Should this execute the print or not? When python executes the if statement, it calls __bool__ on the SymbolicBool object. This method does something very special. It consults Z3:

  • If the Z3 boolean expression must be True (or False), just return that value.

  • Otherwise, decide it to be True or False randomly. Take that decision and add it to the set of Z3 constraints for this execution path. Return the (concrete) bool that we decided.

CrossHair will remember what decisions it has made so that it can make different decisions on future executions. Ultimately, we’re looking for some target thing to happen: an exception to be raised, or a postcondition to return False. When that happens, we ask Z3 for a model and report it as a counterexample.

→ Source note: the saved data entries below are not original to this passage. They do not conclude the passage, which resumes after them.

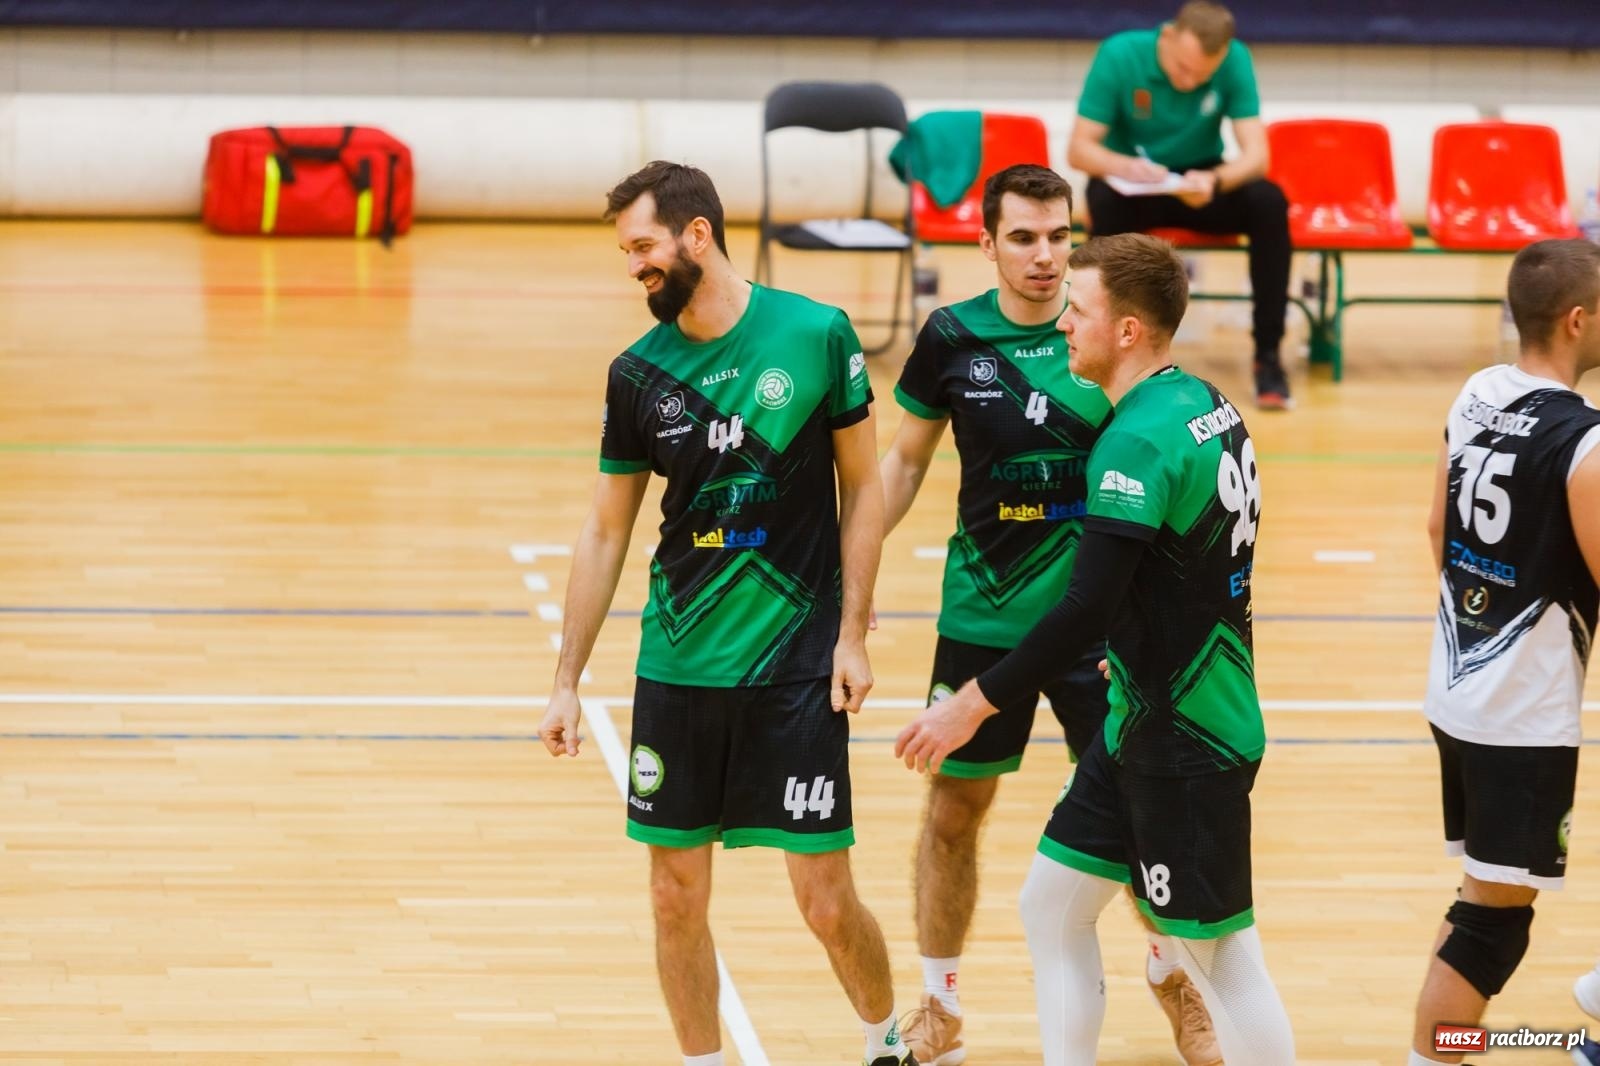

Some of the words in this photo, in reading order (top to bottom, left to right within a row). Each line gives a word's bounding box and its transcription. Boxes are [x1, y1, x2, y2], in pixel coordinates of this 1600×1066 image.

[1014, 347, 1054, 358] ALLSIX
[701, 368, 740, 387] ALLSIX
[1025, 391, 1048, 425] 4
[707, 414, 744, 454] 44
[1217, 437, 1261, 557] 98
[783, 775, 835, 820] 44
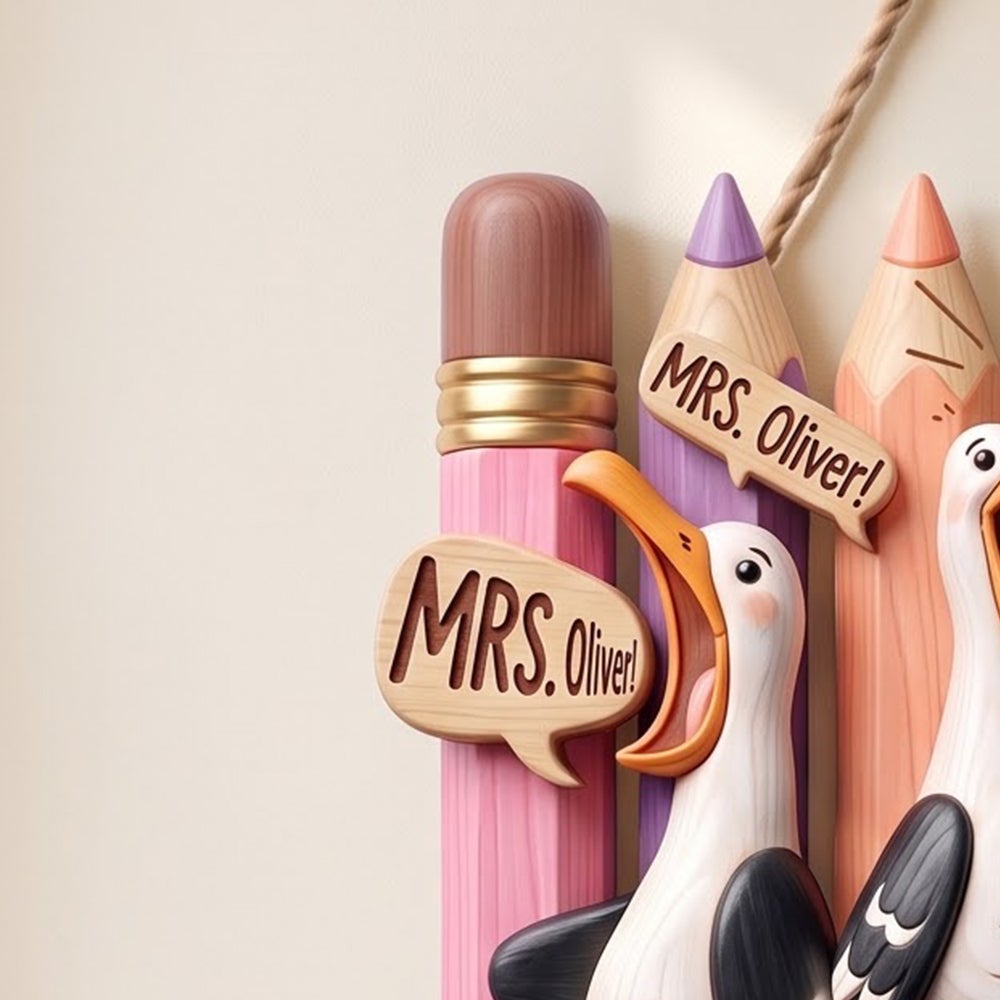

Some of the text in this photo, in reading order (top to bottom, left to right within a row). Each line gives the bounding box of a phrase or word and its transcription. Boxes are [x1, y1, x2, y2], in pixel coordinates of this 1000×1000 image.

[649, 342, 885, 508] MRS. Oliver!
[388, 555, 638, 697] MRS. Oliver!
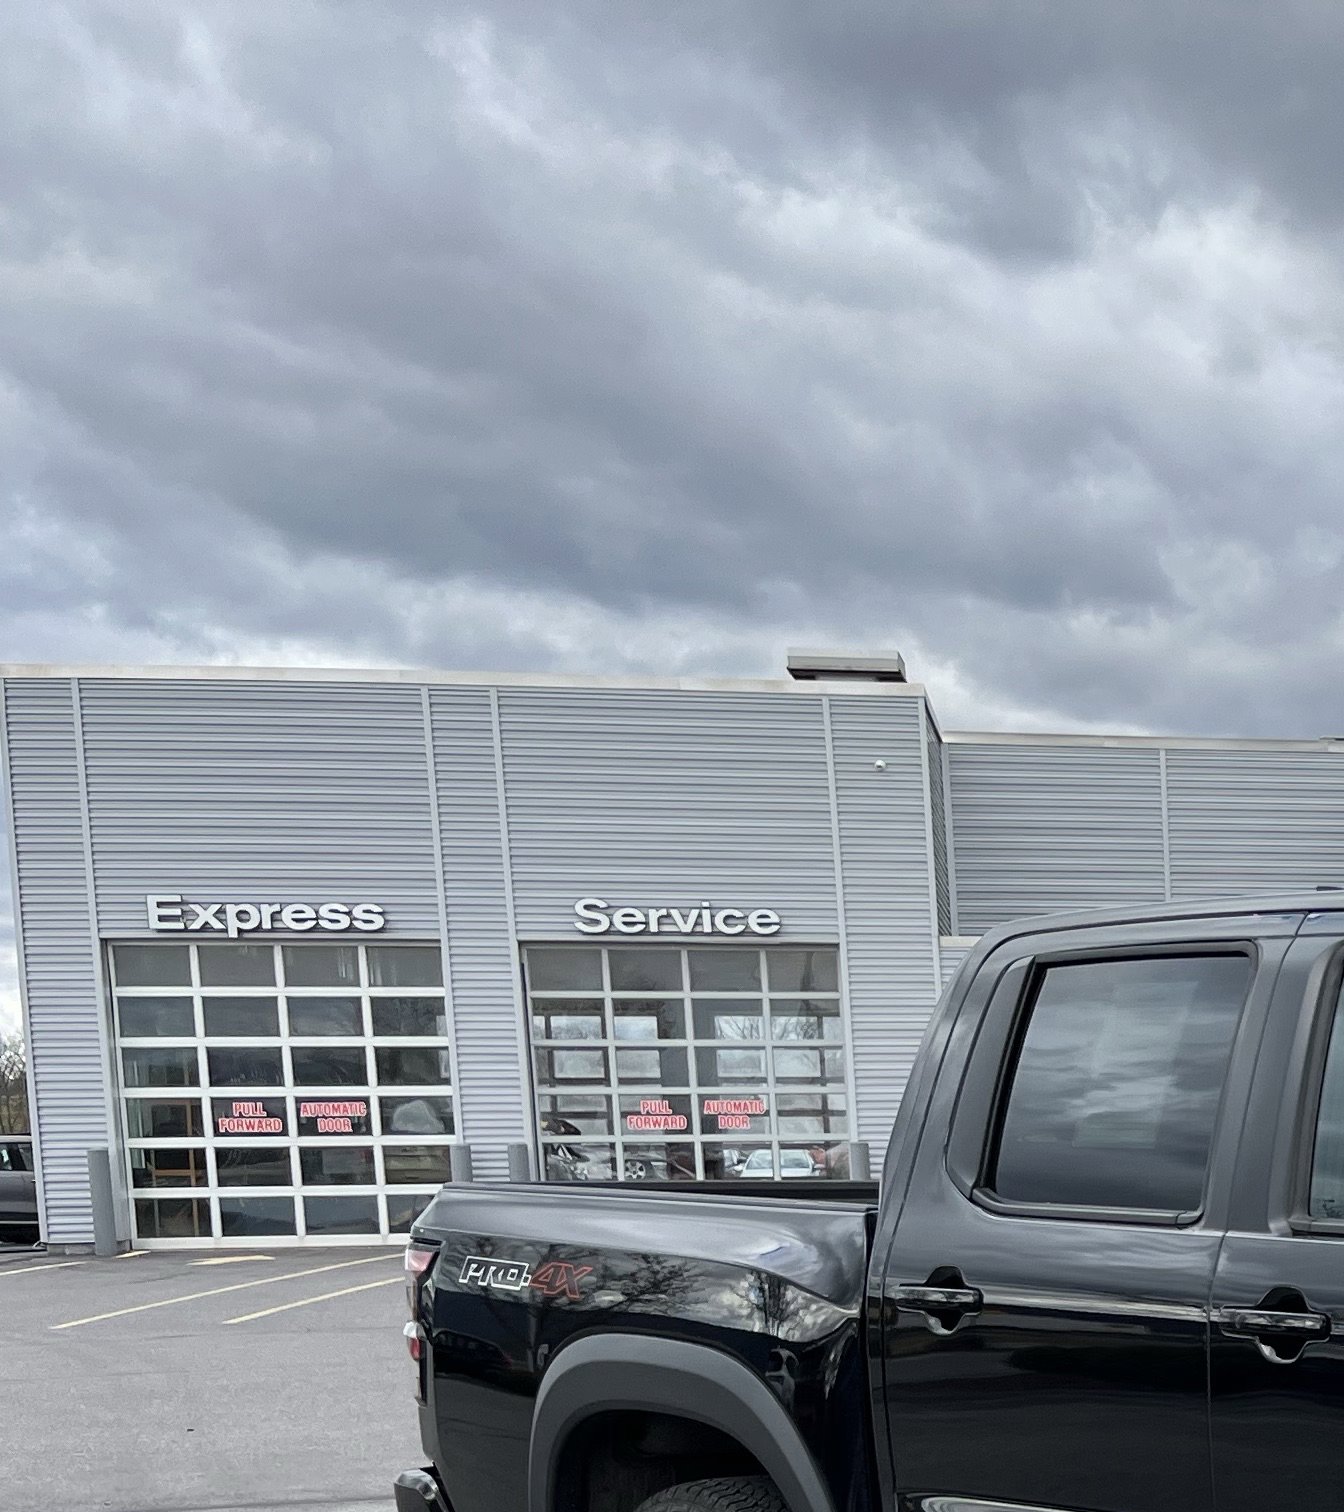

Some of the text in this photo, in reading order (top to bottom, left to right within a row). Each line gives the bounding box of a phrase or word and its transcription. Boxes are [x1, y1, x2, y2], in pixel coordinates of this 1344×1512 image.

[146, 895, 781, 938] Express Service
[232, 1102, 267, 1117] PULL
[300, 1102, 367, 1117] AUTOMATIC
[640, 1100, 672, 1115] PULL
[704, 1100, 767, 1115] AUTOMATIC
[218, 1118, 282, 1132] FORWARD
[317, 1118, 353, 1132] DOOR
[627, 1115, 687, 1130] FORWARD
[718, 1115, 751, 1129] DOOR

That’s the core of how CrossHair works.

Devil in the Details

Simple right?

Well, if there is an accomplishment about CrossHair, it’s that it tries hard to get the details right. And there are a lot of details.

Here are some of the topics that aren’t yet discussed. Reach out to help us prioritize documenting them!

  • Balancing the amount of work done inside and outside the solver.

  • Developing heuristics for effective path exploration.

  • Dealing with the cases that Z3 cannot. (concrete/symbolic scaling)

  • Interpreting logic that’s implemented in C.

  • Reconciling semantic differences between Python and Z3.

  • Dealing with mutable values.

  • Dealing with potentially aliased mutable values (x is y).

  • Creating symbolics for your custom classes.

  • Reconciling error behavior (ValueErrors, TypeErrors).

  • Implicitly converting types accurately.

  • Managing evaluation order. (under-approximation and over-approximation tactics)

  • Creating symbolics for base classes, or even for object.